Вот только — как там теперь управится Меланья? Душевную супругу послал ему господь бог или, тьфу — от природы уже так вышло. Сколько ж этой мелкоты на руках!.. Разве что поможет Данько, если останется живой. А не останется, Меланье еще и невестка с внуком на шею…

Насчет Данилы Иван не беспокоился. Геройский пролетарий. Правильный хлопец. Вот так за ним и ему, старому дурню, надо бы идти… Данила, с группой молодых, ушел с тем отрядом, что решил пробиться к авиапарковцам. И пробьется, чтоб вы знали! Коли будет жив. А загинет — так за революцию! Слава ему и вечная память. А не загинет — таки построит социализм. Можете мне, Ивану, старому дурню, верить!.. О побратиме своем Иван тревожился. Старый дуралей Максим — туда же, увязался за молодыми да отчаянными. Сказал, вишь тетеря, что не может усидеть на месте, — даже на баррикаде не терпится! Сказал, что душа его рвется в бой. Хоть и голыми руками! Только бы видеть врага в лицо и заплевать ему очи. Этим сучьим, проклятым, растреклятым самостийникам–националистам, потому как они и его, бедолагу, чуть с ума–разума не свели!.. Теперь он должен бить, крушить, истреблять их чем попало, что бы ни случилось под рукой, — пускай хоть горсть песку в глаза!..
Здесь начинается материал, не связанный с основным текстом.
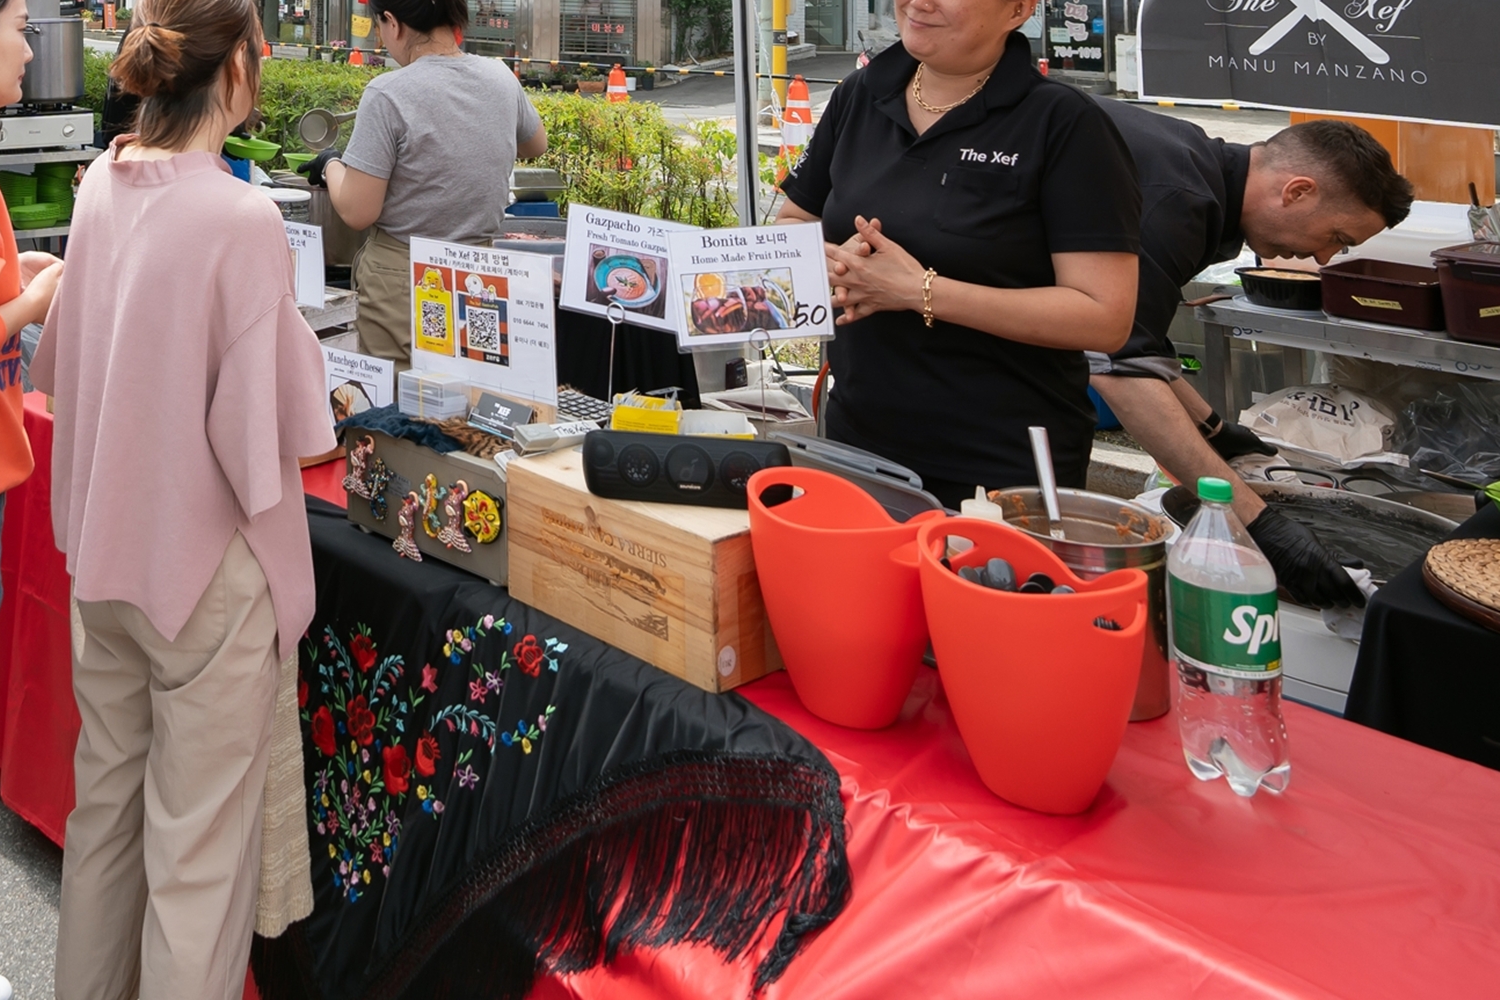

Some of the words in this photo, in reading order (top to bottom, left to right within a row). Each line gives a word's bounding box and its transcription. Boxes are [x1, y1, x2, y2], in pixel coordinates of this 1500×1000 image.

Нагайка больно хлестнула старого Ивана по спине.

— Эй, ты, — орал пьяный гайдамак, — чего отстаешь? Или ткнуть тебе железную спичку в пуп?

Иван побежал быстрее, надрываясь, из последних сил. Бил он крепок, бить молотом — бил бы еще лет двадцать, однако же бегать позабыл: сорок лет, с жениховской поры, же не бегал. Сердце колотилось в груди, едва не выскочит, дышать нечем было, перед глазами вертелись зеленые и красные круги…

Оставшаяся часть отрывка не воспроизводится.